UPDATE 2-Mizuho in $127.5 mln deal to settle SEC case
* SEC: Mizuho sought to bolster credit-rating on toxic deal
* Mizuho provided S&P with inaccurate data for CDO rating
* Three former Mizuho staffers; collateral manager charged
* All defendants settle SEC charges
* Case stems from 2007-2009 financial crisis
By Sarah N. Lynch and Aruna Viswanatha
WASHINGTON July 18 (Reuters) - Mizuho Financial Group Inc settled civil charges its U.S. unit obtained false credit ratings on a 2007 mortgage bond deal stuffed with subprime assets, in the latest case to come out of the financial crisis.
The U.S. Securities and Exchange Commission's lawsuit charged Mizuho Securities USA Inc of using "dummy assets" in a complex product better known as a "CDO" in order to obtain rosier ratings from agencies including McGraw Hill's Standard & Poor's.
CDOS are bundles of securitized mortgages. Leading up to the financial crisis, many of the mortgage-backed assets included in the CDOS consisted of subprime loans that later soured.
The $1.6 billion CDO at the heart of the SEC's case, known as "Delphinus," was highlighted in a report issued by a Senate investigative panel last year as an example of how poorly rated structured products helped fuel the financial crisis.
The SEC also charged three Mizuho employees who structured the deal with misleading the rating agencies. The regulators also charged Delaware Asset Advisers, which acted as collateral manager for the deal as well as another person who served as DAA's portfolio manager.
Everyone agreed to settle without admitting or denying the charges.
The SEC's settlement with Mizuho calls for a $115 million civil penalty, the disgorgement of $10 million of fees, and the payment of $2.5 million of interest. Mizuho did not admit or deny the SEC charges in agreeing to settle.
"Mizuho cooperated fully with the SEC throughout this process. The firm agreed to the settlement to avoid protracted litigation and distraction and believes the settlement is the right outcome for its shareholders, clients and employees," the company said in a statement.

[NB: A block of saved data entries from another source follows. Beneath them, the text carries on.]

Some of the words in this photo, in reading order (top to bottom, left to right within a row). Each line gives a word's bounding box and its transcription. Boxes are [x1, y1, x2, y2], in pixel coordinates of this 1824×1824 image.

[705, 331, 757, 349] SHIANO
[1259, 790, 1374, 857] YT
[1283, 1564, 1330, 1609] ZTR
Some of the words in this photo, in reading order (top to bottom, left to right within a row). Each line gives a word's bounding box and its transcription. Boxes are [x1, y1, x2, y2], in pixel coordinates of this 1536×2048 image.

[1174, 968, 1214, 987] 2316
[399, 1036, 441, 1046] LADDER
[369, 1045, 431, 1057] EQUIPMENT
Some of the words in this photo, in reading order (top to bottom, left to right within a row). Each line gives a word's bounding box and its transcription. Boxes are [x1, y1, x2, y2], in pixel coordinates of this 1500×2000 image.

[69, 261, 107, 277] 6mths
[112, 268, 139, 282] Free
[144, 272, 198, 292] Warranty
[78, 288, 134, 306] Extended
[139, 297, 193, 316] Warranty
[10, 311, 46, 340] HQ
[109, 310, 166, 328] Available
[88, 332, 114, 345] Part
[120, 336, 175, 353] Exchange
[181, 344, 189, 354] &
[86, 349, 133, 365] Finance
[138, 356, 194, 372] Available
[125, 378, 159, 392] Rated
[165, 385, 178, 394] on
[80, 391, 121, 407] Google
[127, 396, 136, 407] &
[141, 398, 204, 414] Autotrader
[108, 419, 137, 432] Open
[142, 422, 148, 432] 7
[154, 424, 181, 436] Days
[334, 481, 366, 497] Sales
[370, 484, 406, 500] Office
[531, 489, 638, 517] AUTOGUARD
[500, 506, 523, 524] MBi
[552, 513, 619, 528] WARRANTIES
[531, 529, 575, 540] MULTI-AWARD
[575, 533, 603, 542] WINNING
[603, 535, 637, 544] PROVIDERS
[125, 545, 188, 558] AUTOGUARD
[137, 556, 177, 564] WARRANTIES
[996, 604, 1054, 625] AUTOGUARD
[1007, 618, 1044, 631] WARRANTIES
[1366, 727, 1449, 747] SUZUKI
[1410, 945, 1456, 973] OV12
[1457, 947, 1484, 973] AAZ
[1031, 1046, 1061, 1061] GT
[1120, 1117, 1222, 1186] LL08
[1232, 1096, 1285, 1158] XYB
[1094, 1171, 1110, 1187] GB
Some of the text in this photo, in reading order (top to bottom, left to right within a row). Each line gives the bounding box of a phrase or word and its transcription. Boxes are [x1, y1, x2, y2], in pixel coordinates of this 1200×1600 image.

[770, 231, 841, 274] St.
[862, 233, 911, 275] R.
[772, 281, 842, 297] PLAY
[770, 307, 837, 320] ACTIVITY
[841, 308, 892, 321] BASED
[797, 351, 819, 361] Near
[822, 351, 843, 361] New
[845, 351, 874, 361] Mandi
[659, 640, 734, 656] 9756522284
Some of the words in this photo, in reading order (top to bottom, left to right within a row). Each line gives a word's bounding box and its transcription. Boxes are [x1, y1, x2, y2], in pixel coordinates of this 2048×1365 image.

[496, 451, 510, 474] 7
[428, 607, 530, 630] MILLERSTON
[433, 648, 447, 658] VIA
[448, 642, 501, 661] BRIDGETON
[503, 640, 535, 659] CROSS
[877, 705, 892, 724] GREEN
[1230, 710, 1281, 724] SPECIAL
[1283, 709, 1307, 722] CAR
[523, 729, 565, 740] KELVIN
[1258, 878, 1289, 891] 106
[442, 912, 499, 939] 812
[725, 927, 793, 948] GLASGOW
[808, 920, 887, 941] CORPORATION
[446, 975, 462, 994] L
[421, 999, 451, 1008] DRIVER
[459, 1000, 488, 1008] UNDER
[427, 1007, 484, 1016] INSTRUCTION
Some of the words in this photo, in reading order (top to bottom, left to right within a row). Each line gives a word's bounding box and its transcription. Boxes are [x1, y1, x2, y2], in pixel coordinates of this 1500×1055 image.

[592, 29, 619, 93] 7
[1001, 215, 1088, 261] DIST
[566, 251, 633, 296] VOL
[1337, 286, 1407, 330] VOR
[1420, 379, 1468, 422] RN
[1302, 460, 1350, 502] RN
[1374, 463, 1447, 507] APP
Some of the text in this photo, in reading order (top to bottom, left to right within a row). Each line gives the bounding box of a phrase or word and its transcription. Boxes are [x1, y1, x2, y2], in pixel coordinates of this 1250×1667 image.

The SEC has brought a number of high-profile cases against banks involving CDOs since the financial crisis, including Goldman Sachs and Citigroup.
This case, however, marks the first time the SEC has charged a bank in connection with its employees trying to a ffect the outcome of a credit-rating.
The other cases, by contrast, involved instances in which clients or the bank itself actively participated in selecting the mortgage assets underlying the CDO in order to bet against it.
The settlement with Mizuho still requires court approval, and has been assigned to U.S. District Judge Ronnie Abrams in Manhattan.
The SEC alleges that when Standard & Poor's changed its rating criteria for CDOs, Mizuho employees realized the deal could not get the rating it needed. They then submitted a portfolio containing millions of dollars in dummy assets that inaccurately reflected the collateral.
S&P rated the CDO based on the misleading information, the SEC said, and Mizuho sold the notes to investors. Delphinus later defaulted in 2008 and was liquidated in 2010.
In September, S&P disclosed that the SEC might charge the company in connection with its rating of the Delphinus CDO.
An S&P spokesman declined to comment on Wednesday's case against Mizuho. The SEC said the investigation is ongoing.
The three Mizuho employees who settled were: Alexander Rekeda, who led the group that structured the CDO; Xavier Capdepon, who modeled the CDO for rating agencies; and Gwen Snorteland, the transaction manager responsible for structuring and closing the CDO.
Rekeda and Capdepon will each pay $125,000. A penalty will be decided at a later date for Snorteland.
The SEC also charged Delaware Asset Advisers, the firm that served as the collateral manager for the deal, as well as DAA's portfolio manager Wei (Alex) Wei.
DAA agreed to settle and pay about $4.8 million in disgorgement, penalties and interest. Wei will pay $50,000. He is also suspended from associating with an investment advisory firm for six months.
Attorneys for the company and Wei did not immediately respond to a request for comment.